A faithful copy of the data is what is wanted, minus any pictures.

Excerpts from a dataset:
■ ■ ■ ■ ■ ■ ■

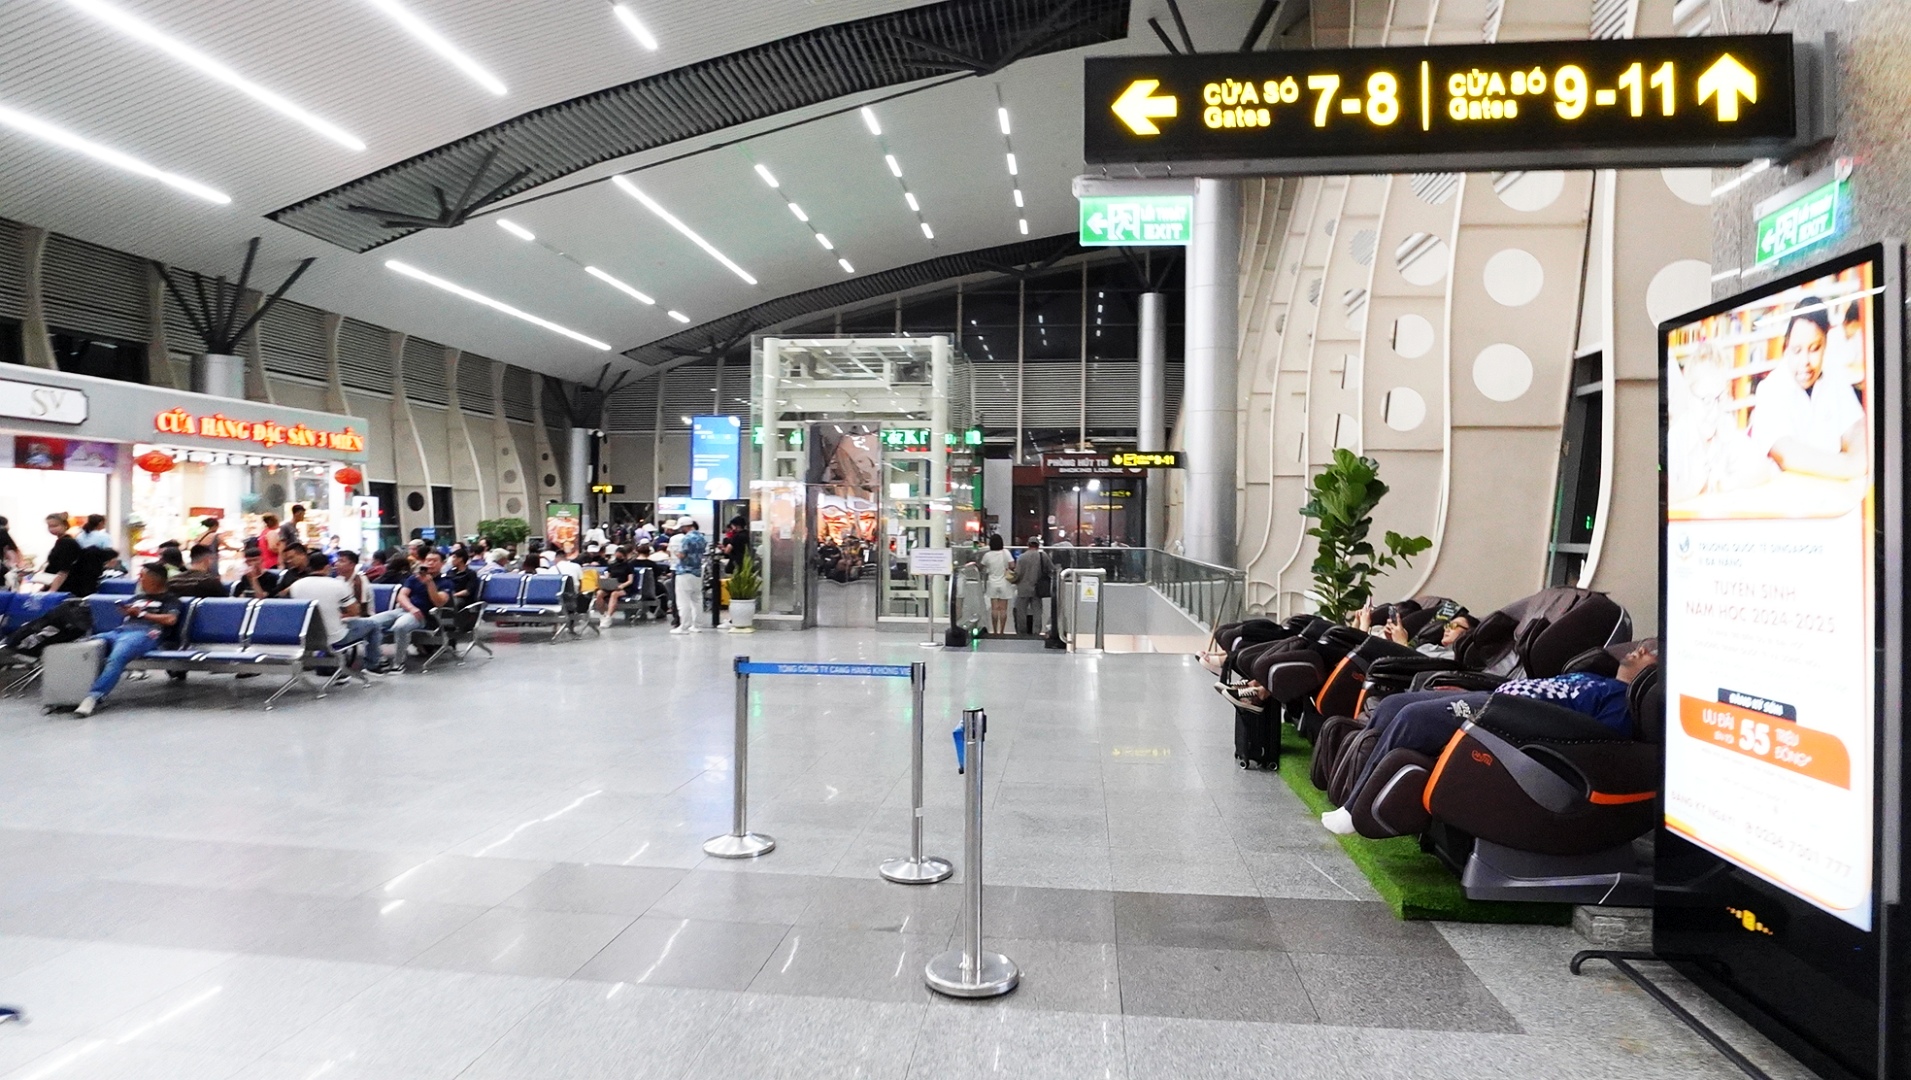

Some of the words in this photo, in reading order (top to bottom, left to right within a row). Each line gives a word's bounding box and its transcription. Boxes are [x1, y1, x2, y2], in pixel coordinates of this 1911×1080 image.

[1307, 71, 1399, 128] 7-8
[1554, 61, 1675, 120] 9-11
[1204, 106, 1271, 128] Gates
[1449, 97, 1518, 120] Gates
[1143, 223, 1183, 240] EXIT
[317, 432, 328, 447] 3
[1761, 583, 1797, 602] SINH
[1752, 607, 1837, 634] 2024-2025
[1738, 718, 1771, 756] 55

■ ■ ■ ■ ■ ■ ■

- _TASK RESPONSE_
Some of the words in this photo, in reading order (top to bottom, left to right within a row). Each line gives a word's bounding box and its transcription. Boxes are [x1, y1, x2, y2], in pixel coordinates of this 1911×1080 image.

[1307, 71, 1399, 128] 7-8
[1554, 61, 1675, 120] 9-11
[1204, 106, 1271, 128] Gates
[1449, 97, 1518, 120] Gates
[1143, 223, 1183, 240] EXIT
[317, 432, 328, 447] 3
[1761, 583, 1797, 602] SINH
[1752, 607, 1837, 634] 2024-2025
[1738, 718, 1771, 756] 55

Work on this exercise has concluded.